Researchers have begun to focus on decellularization for organ transplants since it reduces the chance of rejection to almost none. This process was used in the first successful stem-cell based organ transplant by removing the cells and MHC antigens from the donor organ. There are different ways to remove the cells from the organ which can include physical, chemical, and enzymatic treatments. This method is especially useful when trying to create a neo-heart because the heart needs to be created in a way where the structure remains. Since the stem cells used are currently not able to maintain a shape, researchers have started to look more into decellularization of existing organs to be able to perform successful transplant procedures without the problem of rejection.
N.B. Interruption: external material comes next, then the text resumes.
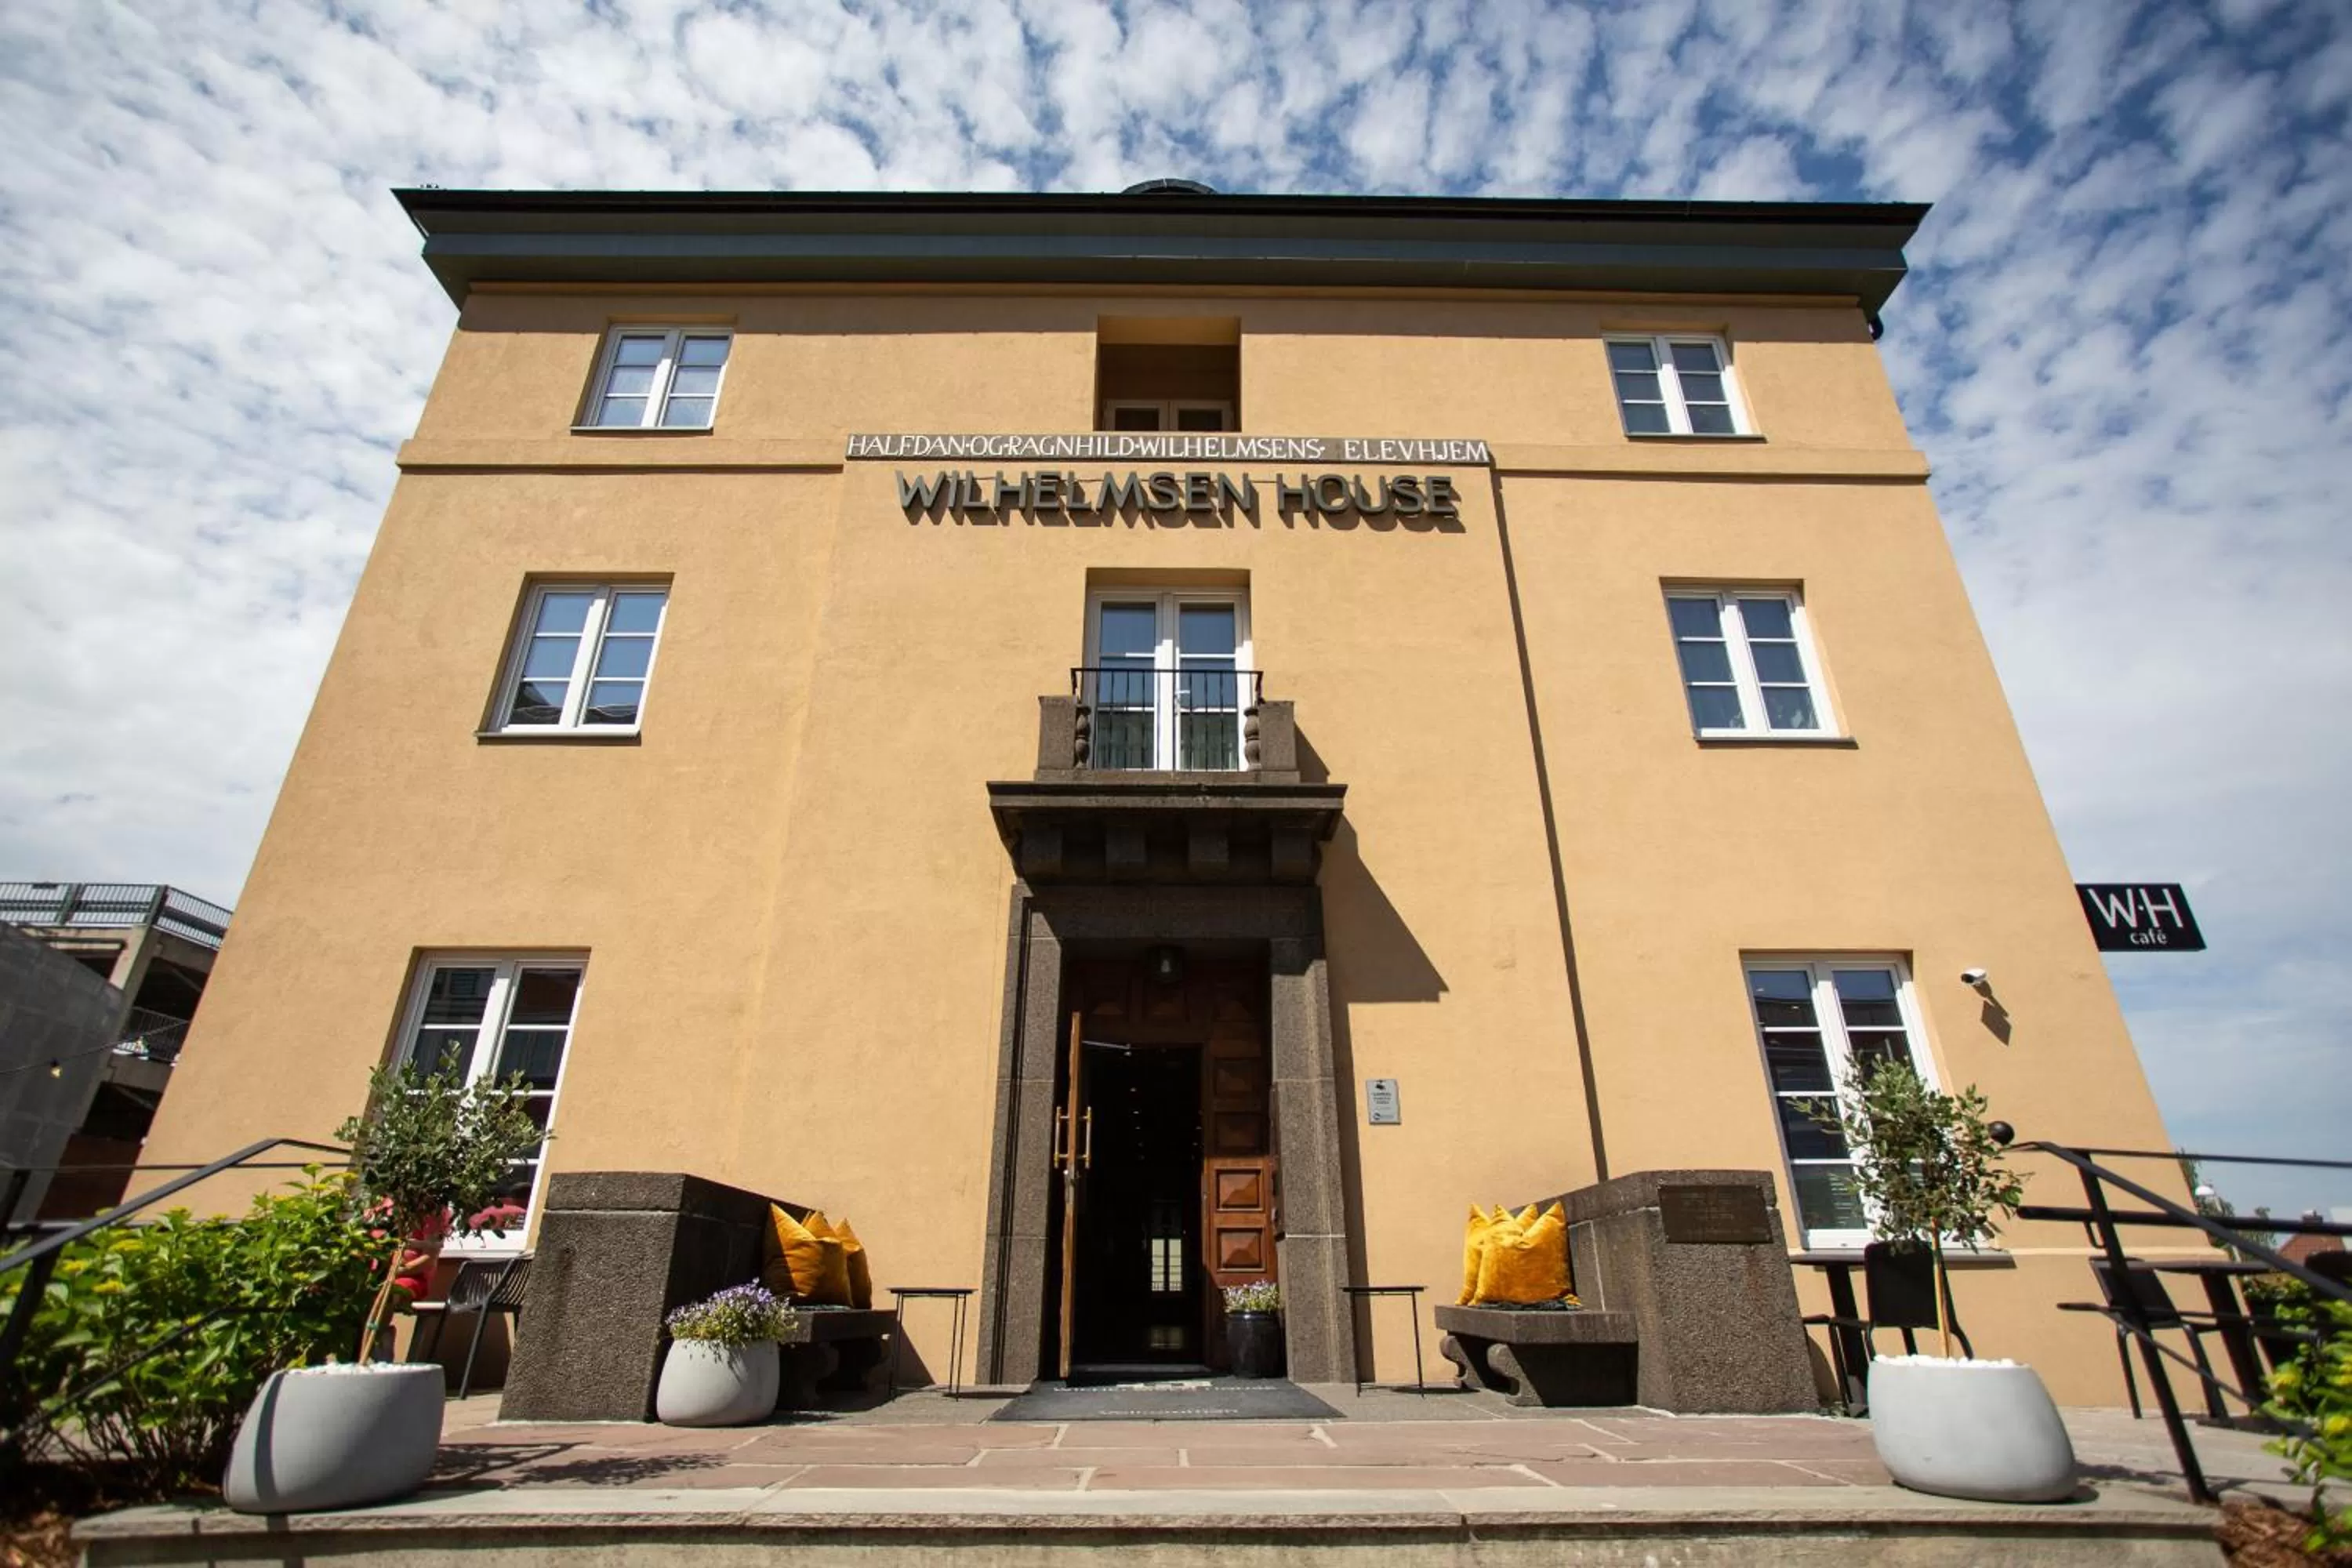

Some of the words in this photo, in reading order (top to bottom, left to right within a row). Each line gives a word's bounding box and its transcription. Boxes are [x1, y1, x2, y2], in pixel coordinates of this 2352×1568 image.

While this method may assist with the problem of rejection, donors are still needed to provide this structure to patients.

=== 3-D Bioprinting ===
The process of creating a 3-D organ with stem cells is thought to not be possible without the structural support of a donor organ. However, new studies are being conducted that discuss research on the process of 3-D bioprinting organs. The process of 3-D Bioprinting includes combining cells and growth factors to create a bioink, then using that bioink to print individual layers of tissue. Research is being done to find ways to use the formulated bioink to print organs that have the same structural support of donor organs without the need for donors. While currently there have not been experimental success with printing structural organs, there has been success with using bioink for printing tissue layers. A method for creating gelatin based vascularized bone equivalents has shown to be successful in a small scale experiment, but it has not been used clinically.